* STORED DATA *
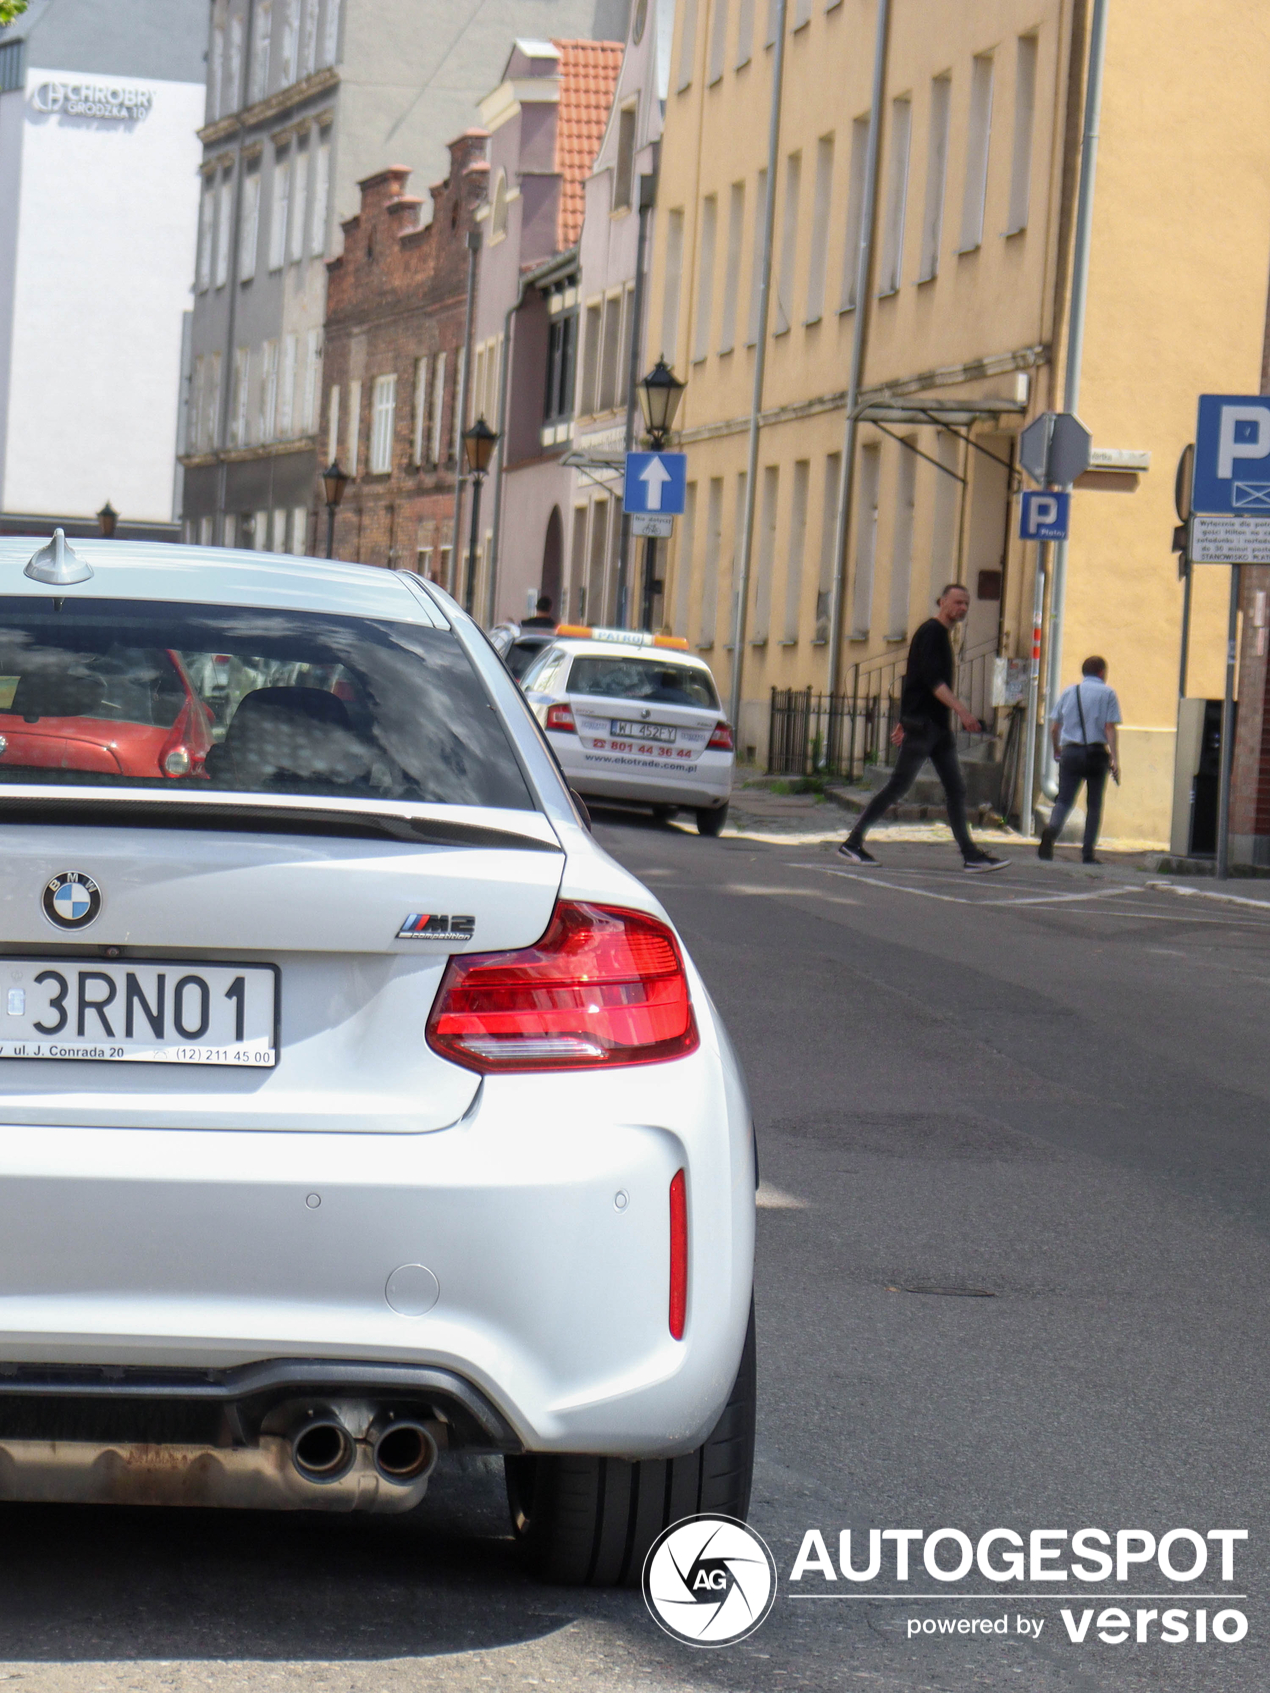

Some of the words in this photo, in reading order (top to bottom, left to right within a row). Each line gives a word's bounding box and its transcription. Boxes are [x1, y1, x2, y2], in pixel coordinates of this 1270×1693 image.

[68, 101, 128, 118] GRODZKA
[132, 106, 146, 119] 10
[1217, 405, 1270, 479] P
[1028, 496, 1057, 534] P
[610, 741, 633, 752] 801
[638, 744, 653, 755] 44
[658, 747, 673, 757] 36
[677, 749, 693, 759] 44
[585, 754, 697, 773] www.ekotrade.com.pl
[48, 872, 99, 893] BMW
[412, 932, 471, 940] competition
[32, 970, 246, 1042] 3RN01
[13, 1043, 30, 1056] ul.
[32, 1044, 45, 1057] J.
[49, 1045, 106, 1058] Conrada
[109, 1046, 124, 1058] 20
[176, 1046, 202, 1062] (12)
[205, 1050, 228, 1062] 211
[234, 1050, 251, 1062] 45
[254, 1051, 270, 1063] 00

* YOUR INSTRUCTIONS *
Leave out the pictures and return every record word for word.

* OUTPUT FOR THIS TASK *
Some of the words in this photo, in reading order (top to bottom, left to right within a row). Each line gives a word's bounding box and its transcription. Boxes are [x1, y1, x2, y2], in pixel coordinates of this 1270×1693 image.

[68, 101, 128, 118] GRODZKA
[132, 106, 146, 119] 10
[1217, 405, 1270, 479] P
[1028, 496, 1057, 534] P
[610, 741, 633, 752] 801
[638, 744, 653, 755] 44
[658, 747, 673, 757] 36
[677, 749, 693, 759] 44
[585, 754, 697, 773] www.ekotrade.com.pl
[48, 872, 99, 893] BMW
[412, 932, 471, 940] competition
[32, 970, 246, 1042] 3RN01
[13, 1043, 30, 1056] ul.
[32, 1044, 45, 1057] J.
[49, 1045, 106, 1058] Conrada
[109, 1046, 124, 1058] 20
[176, 1046, 202, 1062] (12)
[205, 1050, 228, 1062] 211
[234, 1050, 251, 1062] 45
[254, 1051, 270, 1063] 00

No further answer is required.